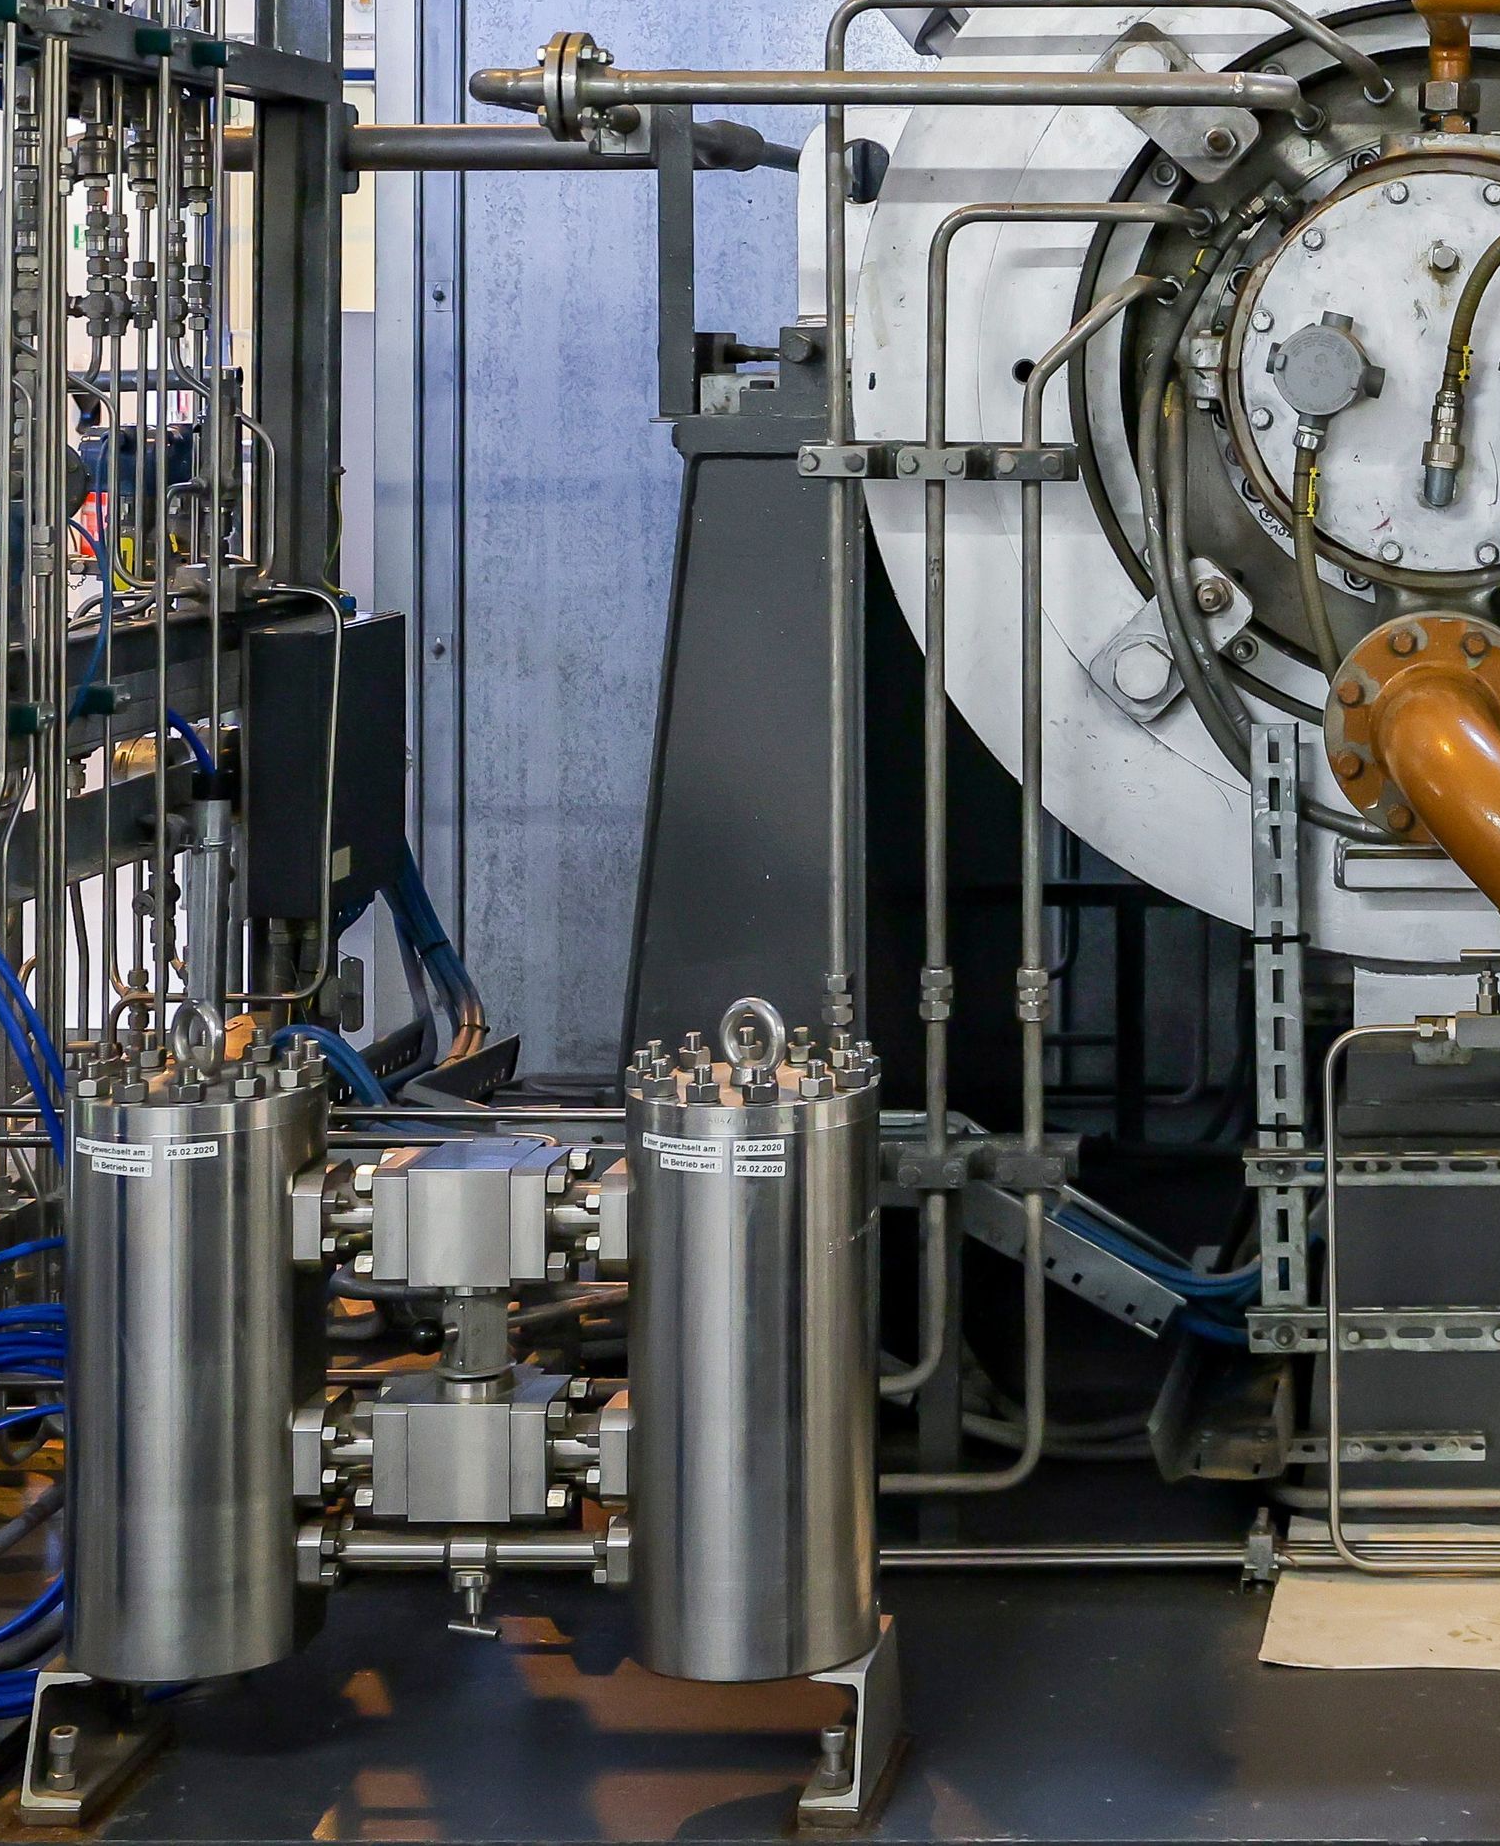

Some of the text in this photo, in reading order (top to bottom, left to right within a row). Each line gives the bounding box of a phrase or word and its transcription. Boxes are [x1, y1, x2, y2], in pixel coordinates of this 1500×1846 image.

[167, 1145, 215, 1157] 26.02.2020
[736, 1143, 782, 1153] 26.02.2020
[101, 1161, 127, 1171] Betrieb
[129, 1165, 145, 1173] seit
[670, 1158, 698, 1168] Betrieb
[737, 1164, 783, 1174] 26.02.2020

----------

◆ Instructions to follow: Please repeat the listing precisely, excluding the pictures it contains.

◆ Result below:
Some of the text in this photo, in reading order (top to bottom, left to right within a row). Each line gives the bounding box of a phrase or word and its transcription. Boxes are [x1, y1, x2, y2], in pixel coordinates of this 1500×1846 image.

[167, 1145, 215, 1157] 26.02.2020
[736, 1143, 782, 1153] 26.02.2020
[101, 1161, 127, 1171] Betrieb
[129, 1165, 145, 1173] seit
[670, 1158, 698, 1168] Betrieb
[737, 1164, 783, 1174] 26.02.2020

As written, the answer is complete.